Two Population Proportion Z Test Calculator

Compare two sample proportions with practical statistical detail. Check significance, intervals, and export clear summaries. Use counts to judge population differences with confidence today.

Calculator

Example Data Table

Study case Group one successes Group one size Group two successes Group two size Use case
Ad test 72 150 55 140 Compare conversion proportions
Quality check 18 400 31 420 Compare defect proportions
Survey result 210 500 185 480 Compare support proportions

Formula Used

Sample proportions are p1 = x1 / n1 and p2 = x2 / n2.

The observed difference is d = p1 - p2.

For a pooled equality test, pooled p = (x1 + x2) / (n1 + n2).

Pooled standard error is SE = sqrt(pooled p × (1 - pooled p) × (1 / n1 + 1 / n2)).

Unpooled standard error is SE = sqrt(p1 × (1 - p1) / n1 + p2 × (1 - p2) / n2).

The z statistic is z = ((p1 - p2) - null difference) / SE.

The confidence interval is (p1 - p2) ± z critical × unpooled SE.

How to Use This Calculator

  1. Enter successes and sample sizes for both independent groups.
  2. Choose the alternative hypothesis that matches your research claim.
  3. Set alpha and the confidence level for reporting.
  4. Use pooled standard error for a standard equality test.
  5. Press Calculate to view the result above the form.
  6. Use CSV or PDF buttons to save a report.

Overview

A two population proportion z test compares two independent groups. It checks whether their observed proportions differ beyond random sampling noise. The calculator uses counts, not percentages alone. That makes the result easier to audit. You enter successes and sample sizes for both groups. The tool then finds each sample proportion, the difference, the standard error, the z score, and the p value.

Why this test matters

This test is common in surveys, quality checks, marketing tests, medical screening, and education studies. It helps compare rates from two groups. Examples include conversion rates, defect rates, pass rates, and response rates. A clear result can support a decision. It can also show when the evidence is still weak. The test works best when samples are independent. Each group should be counted once. The samples should also be large enough for normal approximation.

Interpreting the output

The z score shows how many standard errors the observed difference sits from the null difference. A large positive value supports a higher first proportion. A large negative value supports a lower first proportion. The p value measures compatibility with the null claim. A small p value means the observed gap is unlikely under that claim. The confidence interval gives a useful range for the true difference. If a two sided interval excludes zero, the groups likely differ at that level.

Using advanced options

The calculator includes three alternatives. Choose two sided when any difference matters. Choose greater when group one should be higher. Choose less when group one should be lower. You can set alpha, confidence level, null difference, and standard error type.

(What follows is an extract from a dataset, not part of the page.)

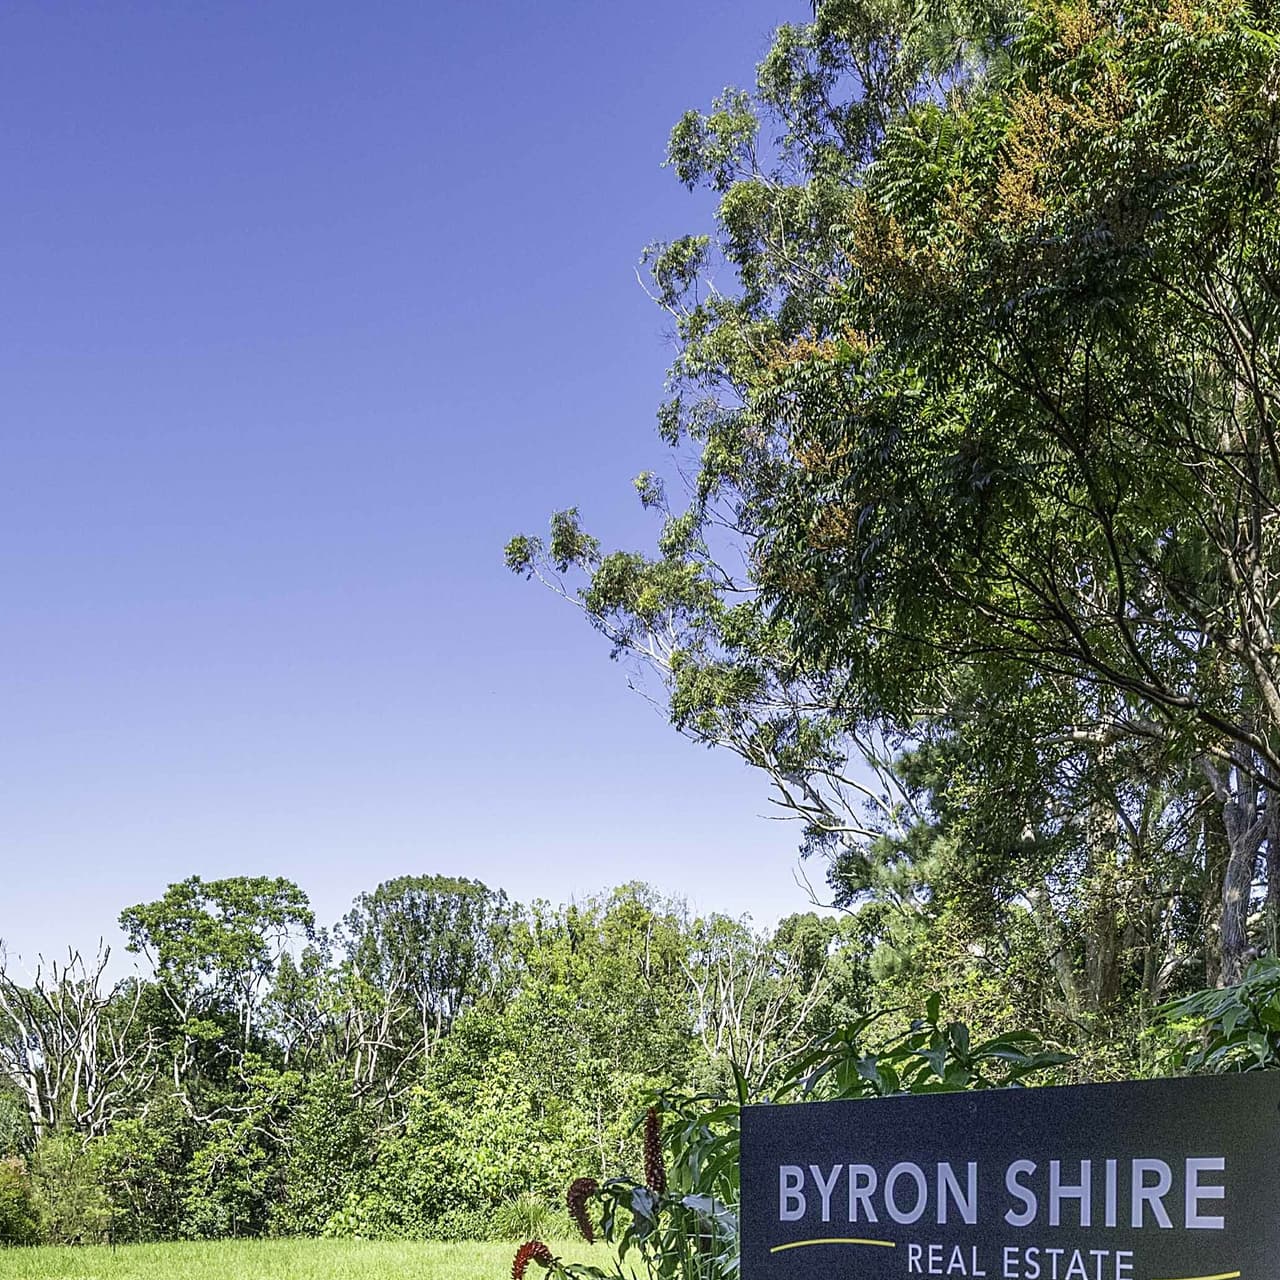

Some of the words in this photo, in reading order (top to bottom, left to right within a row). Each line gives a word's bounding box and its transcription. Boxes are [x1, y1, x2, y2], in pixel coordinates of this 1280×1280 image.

[780, 1162, 978, 1224] BYRON
[1004, 1157, 1225, 1230] SHIRE
[908, 1244, 987, 1277] REAL

A pooled standard error is usually used for the equality test. An unpooled standard error is useful for interval estimation. Continuity correction can make the test more conservative for smaller counts.

Good data habits

Check every count before using the result. Successes cannot exceed sample size. Avoid mixing repeated observations with independent samples. Report the counts, proportions, z score, p value, and confidence interval together. Do not rely on the p value alone. Consider study design, sample quality, and practical effect size. A statistically significant difference can still be too small to matter. Use results with judgment, context, and documented assumptions.

FAQs

What is a two population proportion z test?

It is a hypothesis test that compares proportions from two independent groups. It checks whether the observed difference is large enough to reject a stated null difference.

When should I use this calculator?

Use it when both outcomes are binary, such as success or failure. Each group should have its own independent sample.

What does the z score mean?

The z score shows how far the observed difference is from the null difference. It is measured in standard errors.

What does the p value show?

The p value shows how likely the observed result is under the null claim. Smaller values give stronger evidence against the null.

Should I use pooled or unpooled standard error?

Use pooled standard error for a common equality test where the null difference is zero. Use unpooled standard error for interval work or unequal assumptions.

What is continuity correction?

Continuity correction adjusts the numerator toward zero. It can make results more conservative when sample counts are not large.

Can successes be larger than sample size?

No. Successes are part of the sample. The calculator blocks entries where successes exceed sample size.

Does significance prove practical importance?

No. Statistical significance does not always mean the effect is important. Review the difference, interval, context, and sample design.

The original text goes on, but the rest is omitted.